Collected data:
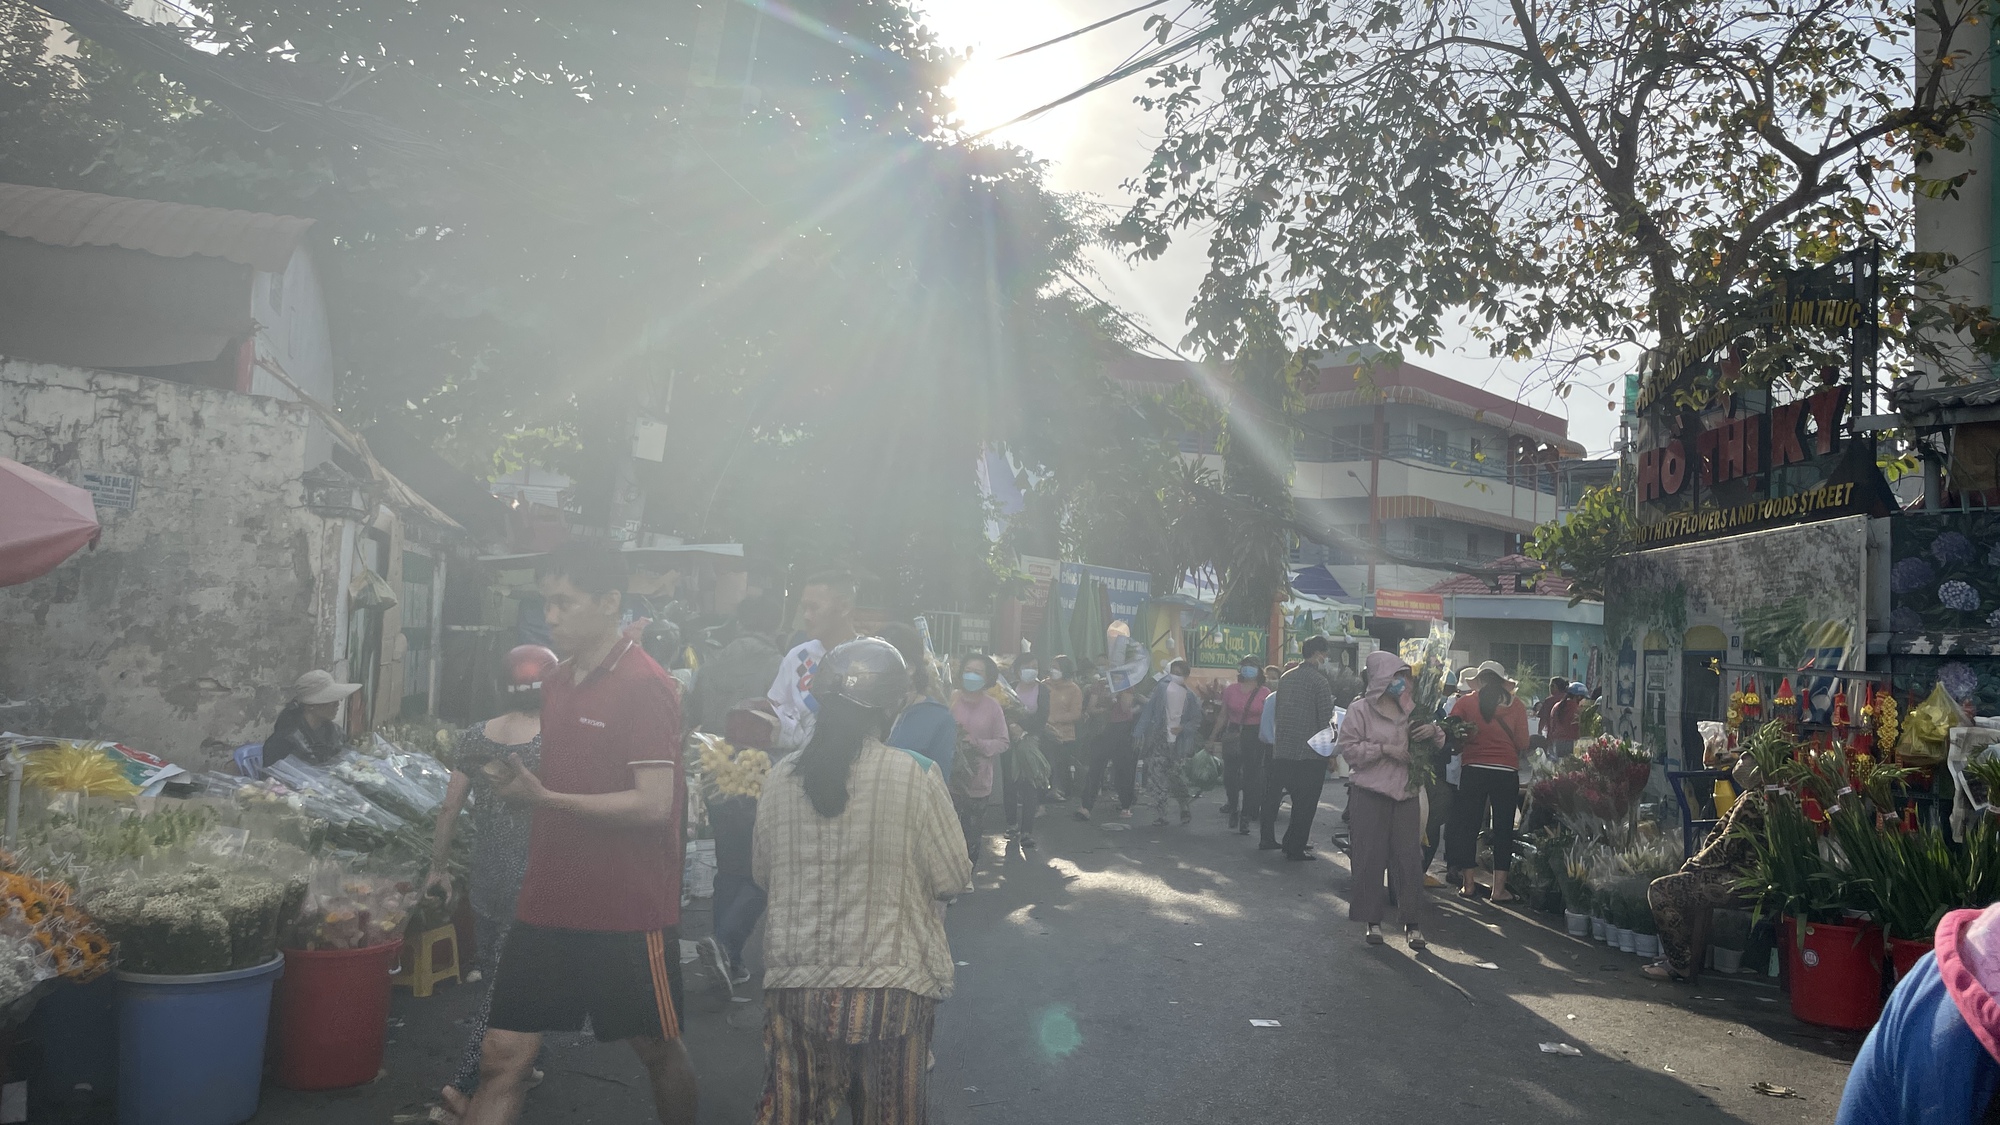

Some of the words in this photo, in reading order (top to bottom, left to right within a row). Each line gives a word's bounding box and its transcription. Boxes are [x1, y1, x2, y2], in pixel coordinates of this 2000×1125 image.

[1679, 508, 1728, 536] FLOWERS
[1729, 503, 1756, 528] AND
[1757, 495, 1798, 521] FOODS
[1798, 481, 1855, 514] STREET
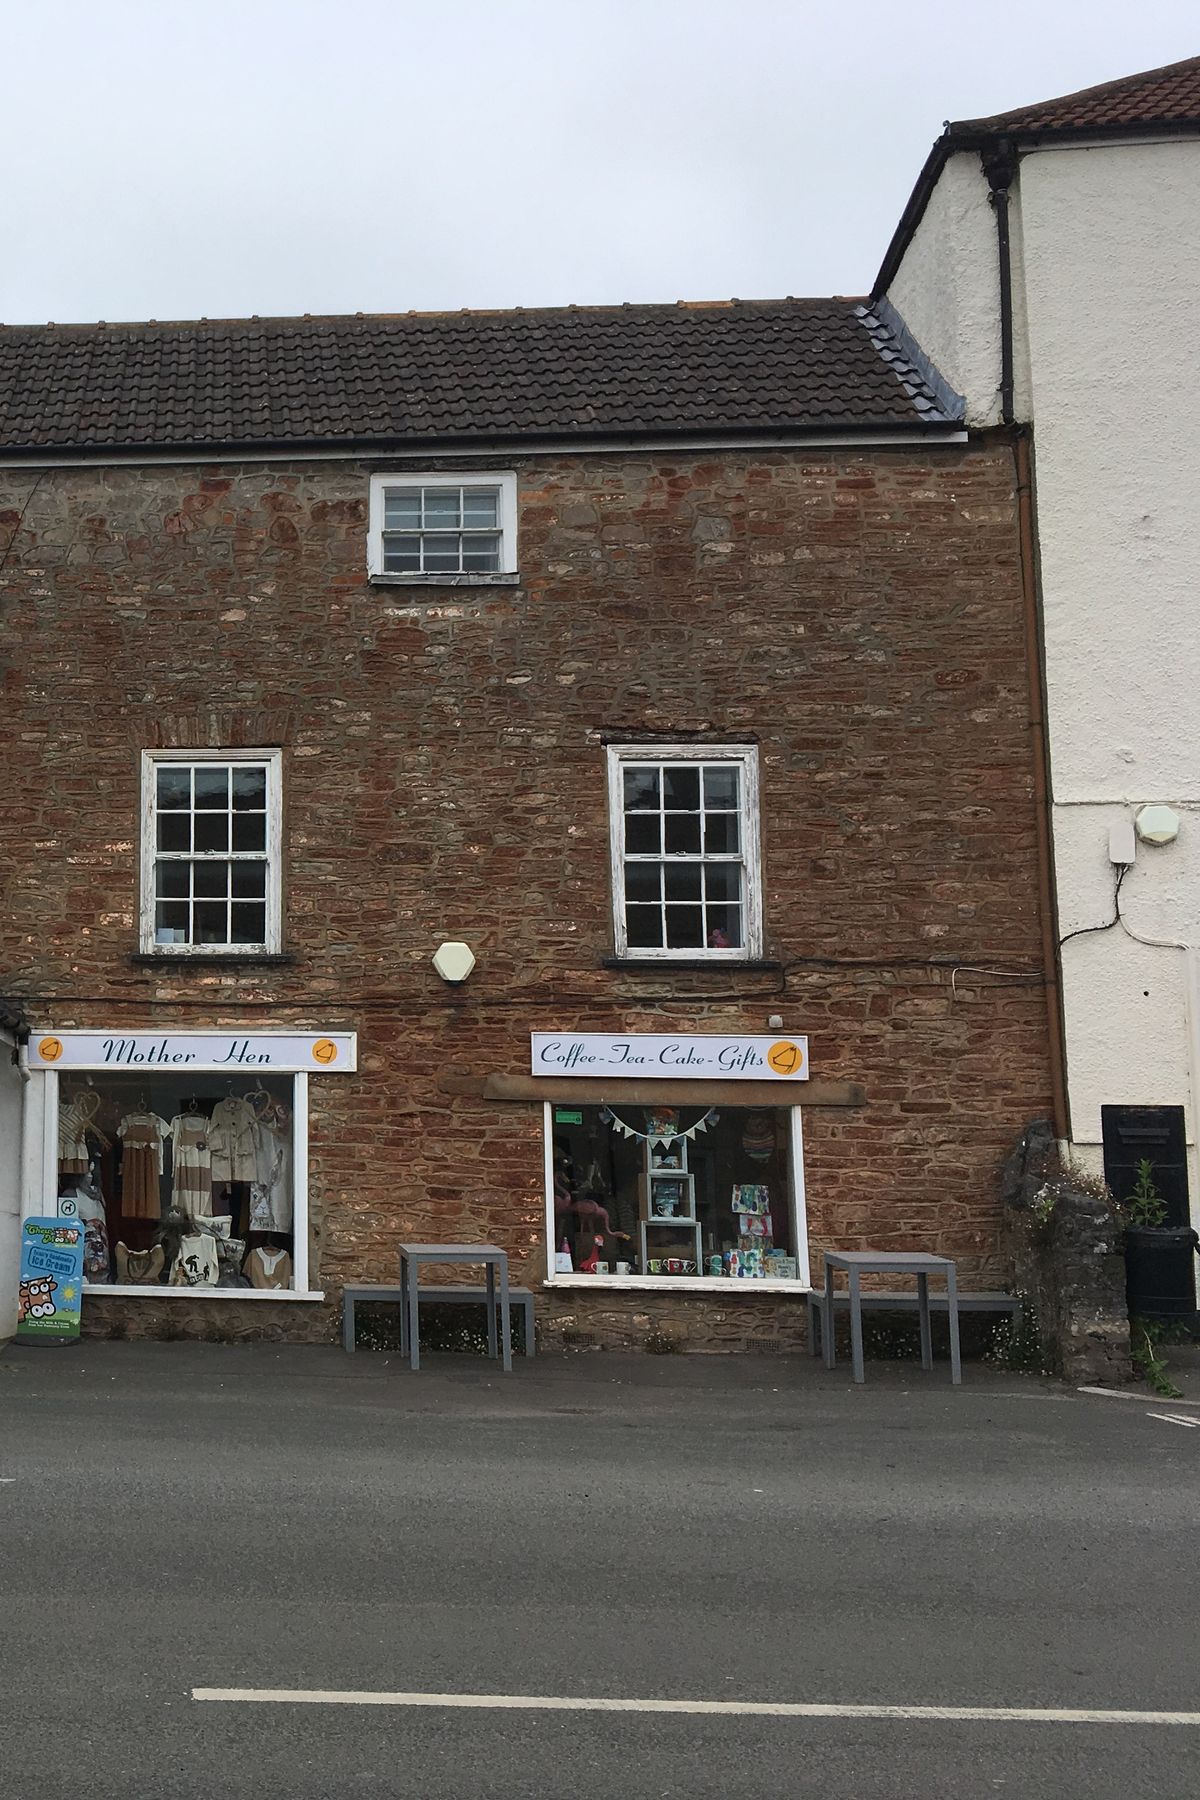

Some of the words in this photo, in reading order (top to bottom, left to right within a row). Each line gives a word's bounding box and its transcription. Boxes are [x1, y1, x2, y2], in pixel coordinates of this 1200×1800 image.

[102, 1039, 196, 1064] Mother
[213, 1040, 272, 1063] Hen
[540, 1041, 597, 1068] Coffee
[608, 1044, 645, 1064] Tea
[659, 1043, 705, 1065] Cake
[717, 1046, 763, 1071] Gifts
[31, 1256, 44, 1266] Ice
[45, 1258, 71, 1273] Cream
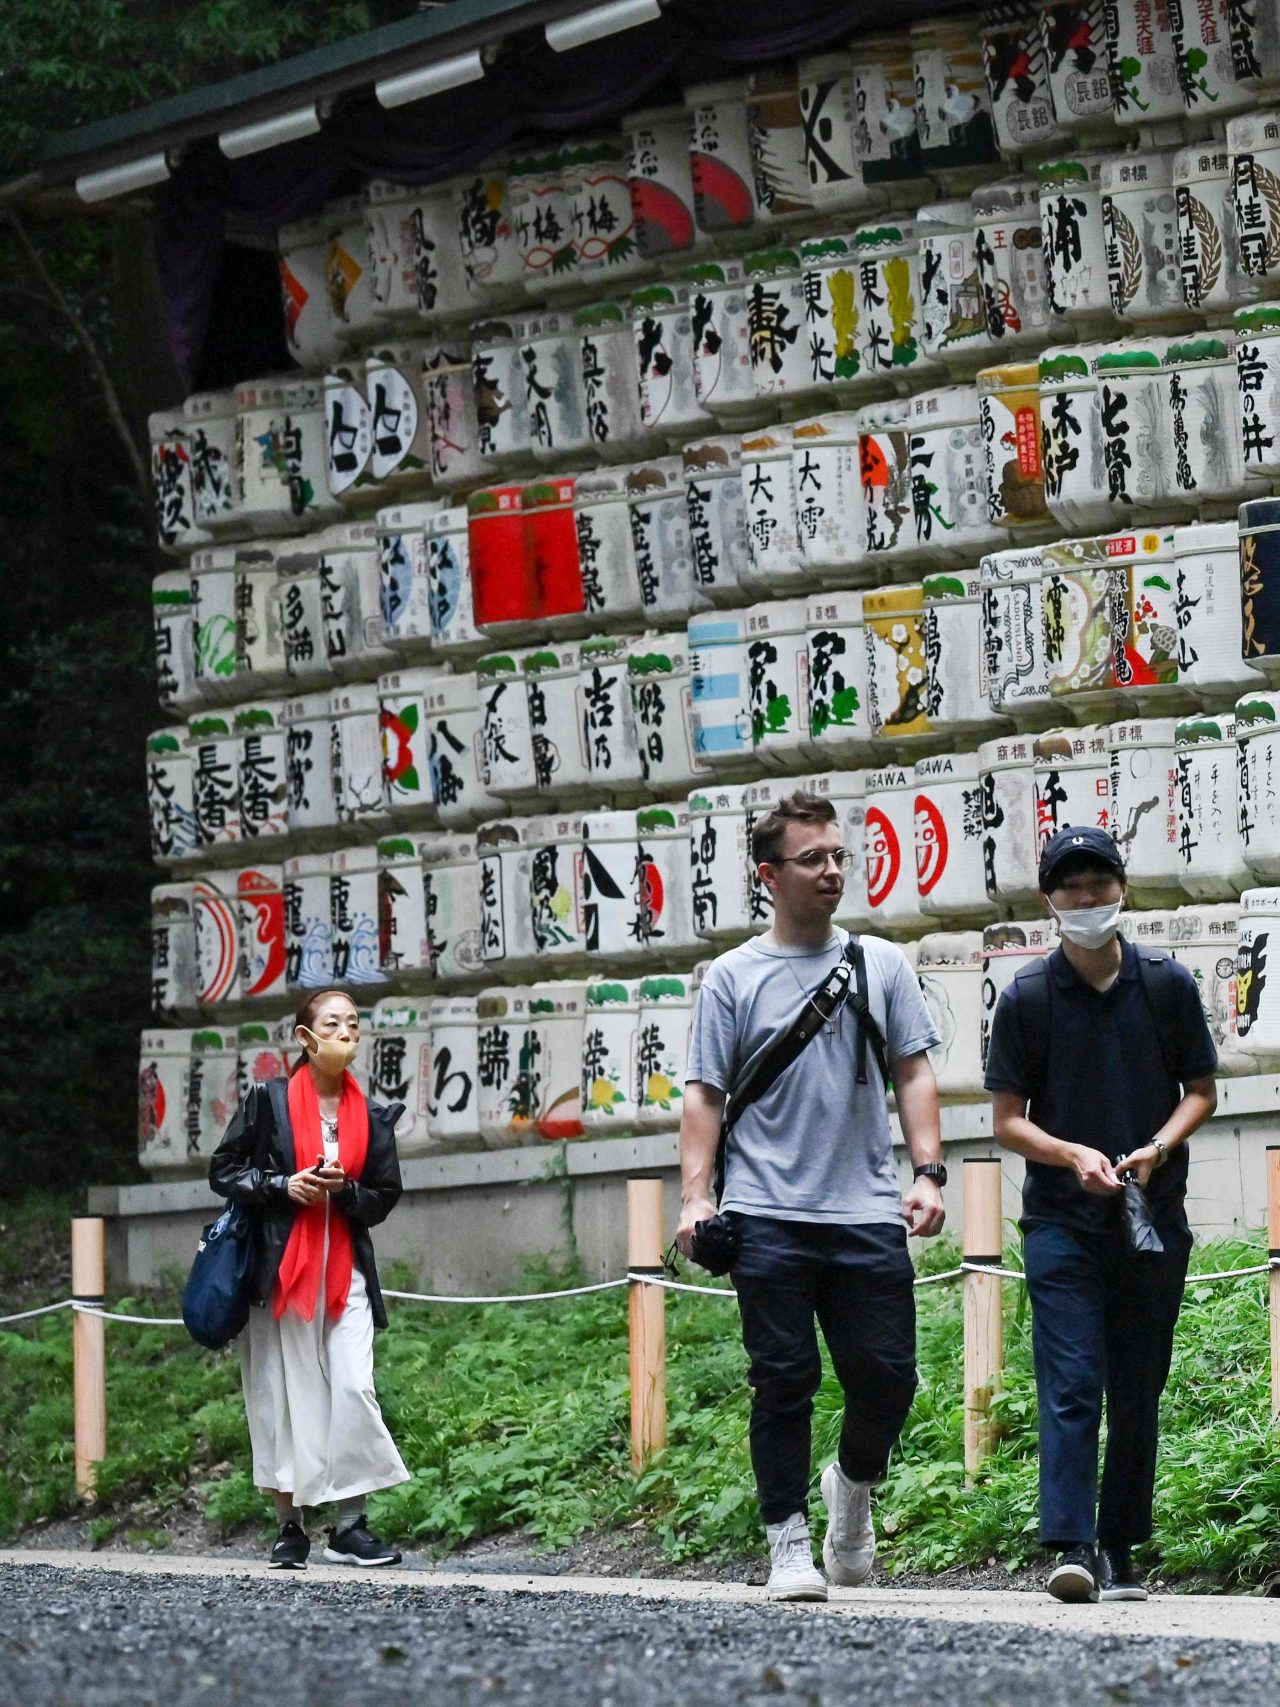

*Activity*: Each entry above should be copied word for word, with the images omitted.

*Answer*:
Some of the words in this photo, in reading order (top to bottom, left to right within a row). Each line gives a word's bounding box and its transcription. Boxes are [x1, y1, x2, y2], in pixel coordinates of this 2000×1125 image.

[1679, 508, 1728, 536] FLOWERS
[1729, 503, 1756, 528] AND
[1757, 495, 1798, 521] FOODS
[1798, 481, 1855, 514] STREET

Some of the words in this photo, in reading order (top to bottom, left to right within a row). Each line gives a word's bounding box and its transcription. Boxes are [x1, y1, x2, y2], in pixel coordinates of this 1200×1800 image.

[102, 1039, 196, 1064] Mother
[213, 1040, 272, 1063] Hen
[540, 1041, 597, 1068] Coffee
[608, 1044, 645, 1064] Tea
[659, 1043, 705, 1065] Cake
[717, 1046, 763, 1071] Gifts
[31, 1256, 44, 1266] Ice
[45, 1258, 71, 1273] Cream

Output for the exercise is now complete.